‘Giving Tuesday’ Is No Match for Black Friday

Charities want to reserve a day for donating at a time of year when people are buying more stuff.

Paul J. Richards / AFP / Getty

First, there was Thanksgiving. Then, a few decades ago, Black Friday came along. Next came Cyber Monday, which debuted in the ’00s. Then, a few years ago, came a day decidedly not about consumption: Giving Tuesday, a “global day of giving” that is celebrated (mostly on social media) the Tuesday after Thanksgiving. Allison Janney celebrates it. So do Bill Gates, Jill Biden, and a host of other public figures.

Last year, charities big and small raised $180 million on Giving Tuesday, according to the 92nd Street Y, the organization behind the day. That’s a significant increase from 2015’s $116 million. This year, as per projections from the nonprofit consultancy Whole Whale, that number will likely grow to more than $200 million. Charities and nonprofits in more than 100 countries will take part in the effort, and organizations that have used the day as an occasion to launch an end-of-year campaign have seen significant increases in donations on the season.

That’s not bad for a holiday that’s been around only since 2012. Giving Tuesday was initially conceived by Henry Timms, now the chief executive director of New York’s 92nd Street Y, in partnership with the United Nations Foundation. It was intended to counter the shopping frenzy that’s increasingly come to pass for the holiday spirit. “It originally followed Black Friday and Cyber Monday here in the United States, as a day to think about giving back after two days of consuming,” explains Asha Curran, the chief innovation officer and the director of the Belfer Center for Innovation and Social Impact at the 92nd Street Y.

Giving Tuesday also takes advantage of a reality in the world of charitable giving: Just under 25 percent of all donations received annually will be given in the roughly five-week period between Thanksgiving and New Year’s, according to the Center for Philanthropy at Indiana University. For a not-unsubstantial 16 percent of organizations, giving in the final months of the year will account for half of contributions received.

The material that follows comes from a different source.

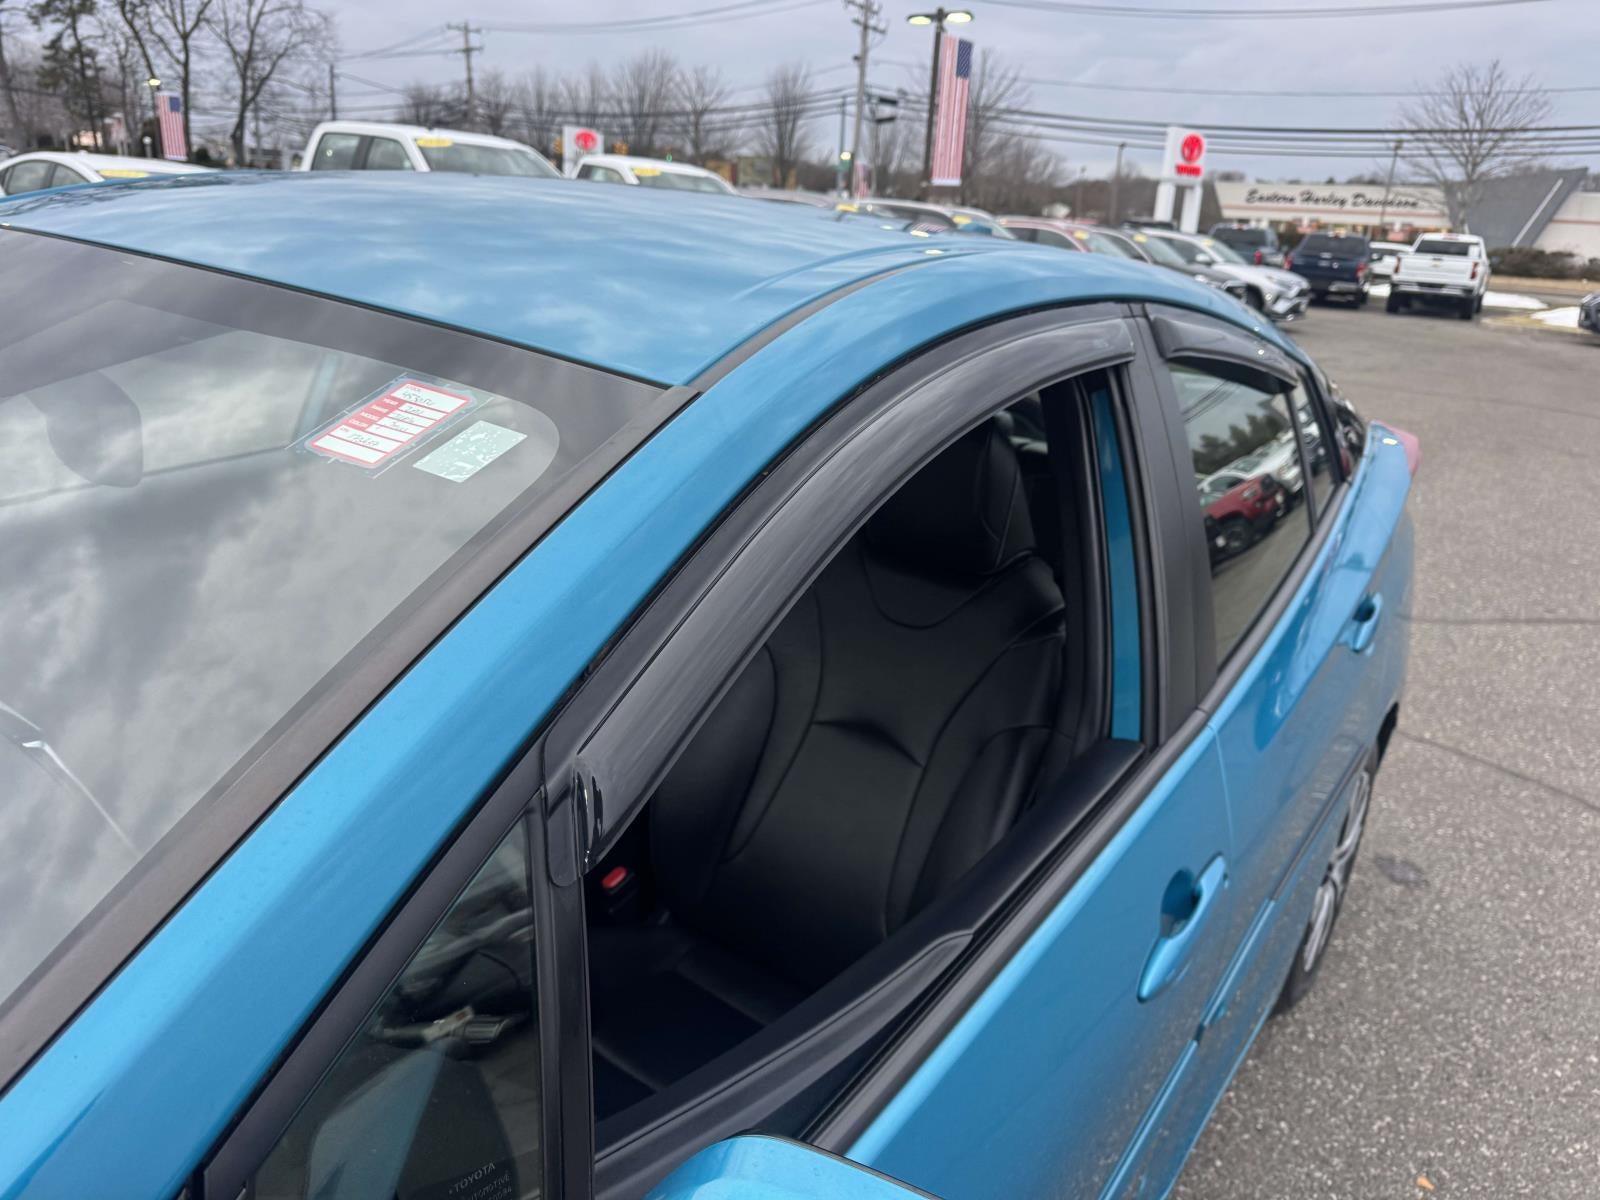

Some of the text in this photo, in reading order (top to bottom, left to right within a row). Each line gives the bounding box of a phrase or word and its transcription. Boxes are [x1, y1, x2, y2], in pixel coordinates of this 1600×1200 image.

[1246, 187, 1296, 204] Eastern
[1299, 189, 1347, 208] Harley
[454, 1162, 496, 1193] TOYOTA
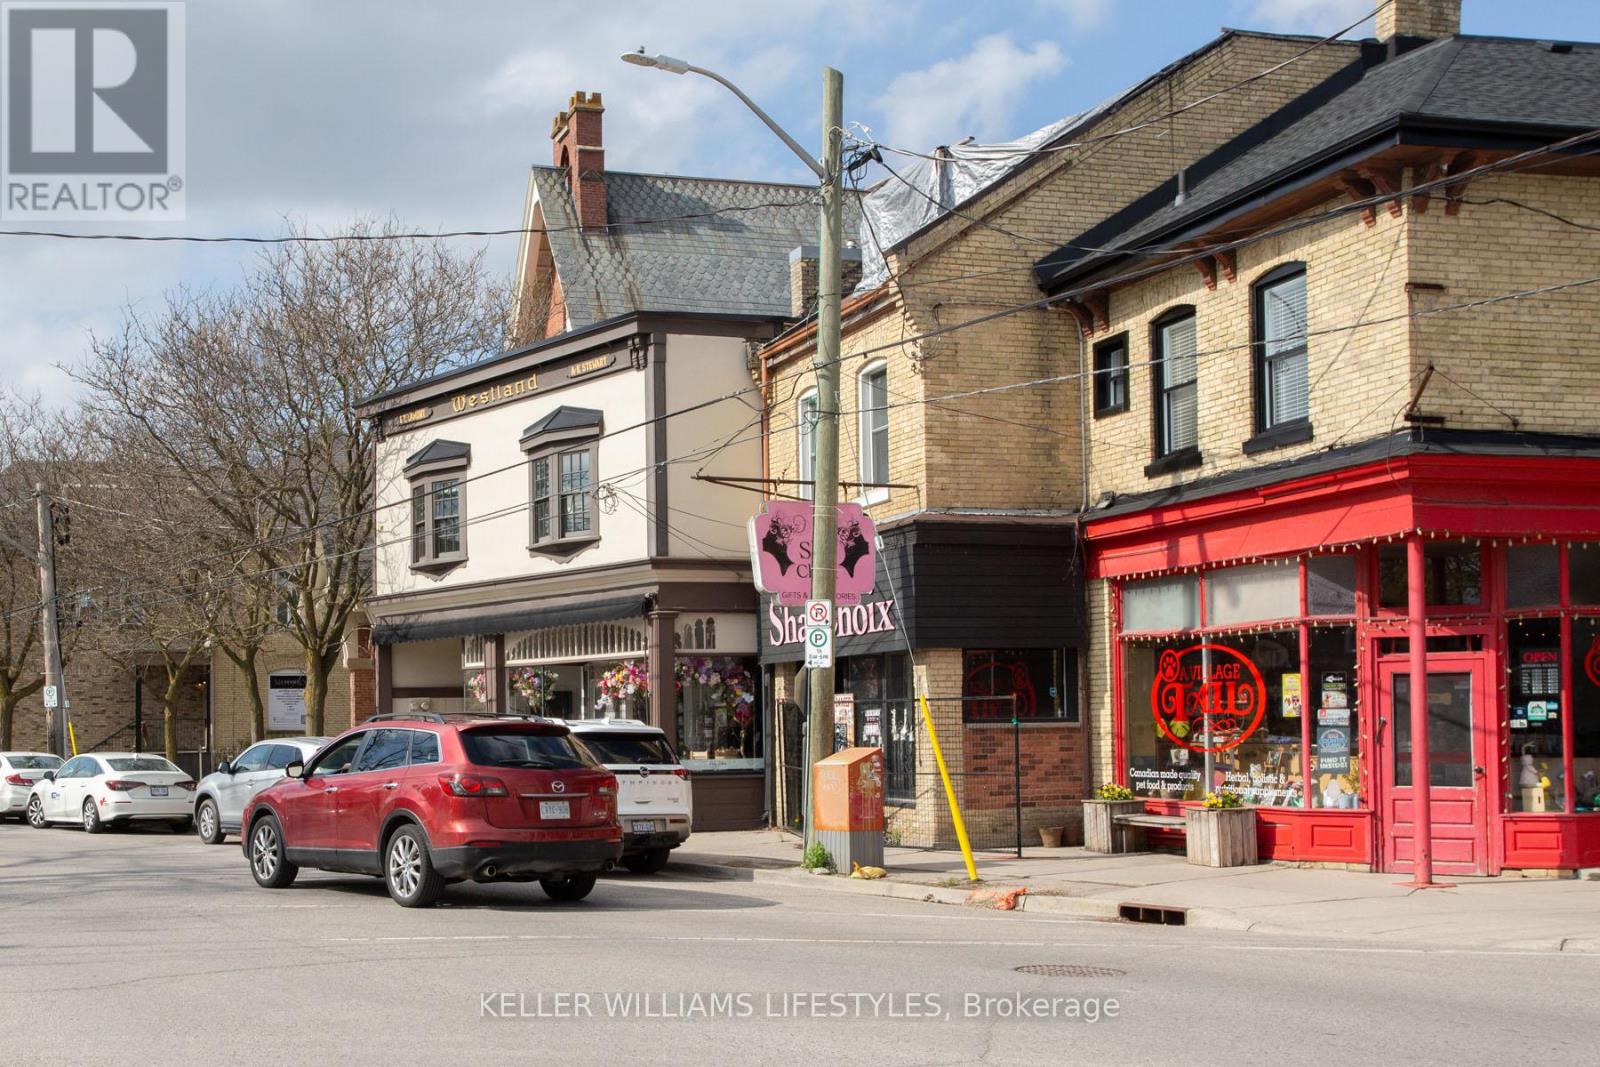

There is another insight that drives the still-nascent day as well: According to Curran, the most common reason people donate money to a charity is because a friend solicited them to do so. Giving Tuesday takes that idea and updates it for the age of social media: Organizations solicit bids with the hashtag #GivingTuesday and, in turn, those who donated are urged to share too. “People are taking peer-to-peer fundraising online, and they are doing it in the form of saying, ‘I made this donation,’” Curran observed. “That’s a really powerful force for raising more money or attention or awareness for a cause.”

Giving Tuesday, in other words, takes the oft-derided concept of virtue signaling and puts it to good use. Of course, the Giving Tuesday campaign is hardly alone on this—a study published in Nature magazine in 2012 demonstrated that Facebook’s Election Day “I Voted” feature increased voter turnout.

Nonetheless, Giving Tuesday’s importance shouldn’t be overstated. This year’s estimated $200 million charitable haul may sound significant, but it is tiny compared with the estimated $5 billion consumers spent on Black Friday, never mind the entire holiday season. And Giving Tuesday is not, on its own, significantly boosting overall charitable giving in the United States, which remains just a tick higher than 2 percent of the gross domestic product. It also can’t disguise the fact that many people are giving less to charity than in the past. When the Institute for Policy Studies, a left-leaning think tank, studied the issue, it discovered that although those with six-figure incomes and higher upped their charitable donations over the past decade, households with less money coming in cut their giving by about a third, something the researchers mainly attributed to “economic inequality and insecurity.”

However, in the longer run, it’s possible Giving Tuesday could help counter (but probably won’t reverse) these trends and raise overall giving. The majority of the day’s donations are made by “small-dollar” donors, as they are known in the philanthropic sector. According to the day’s backers, the mean donation made on Giving Tuesday in 2016 was for $107.69. “We are placing a particular investment in what we might call everyday givers,” Curran says.

And there is lots of room for growth. According to a Harris survey conducted shortly prior to 2016’s Giving Tuesday, three-quarters of Americans still don’t have a clue the day exists. But another poll, this one conducted by Ipsos shortly after last year’s Giving Tuesday event, found that 62 percent of those aware of the day say it inspired more giving.

That makes sense. Giving Tuesday offers people a way to feel a little less guilty about the stuff they’ve already bought and the stuff they plan to buy before year’s end. If charities can benefit from that, it’s most certainly a day worth celebrating.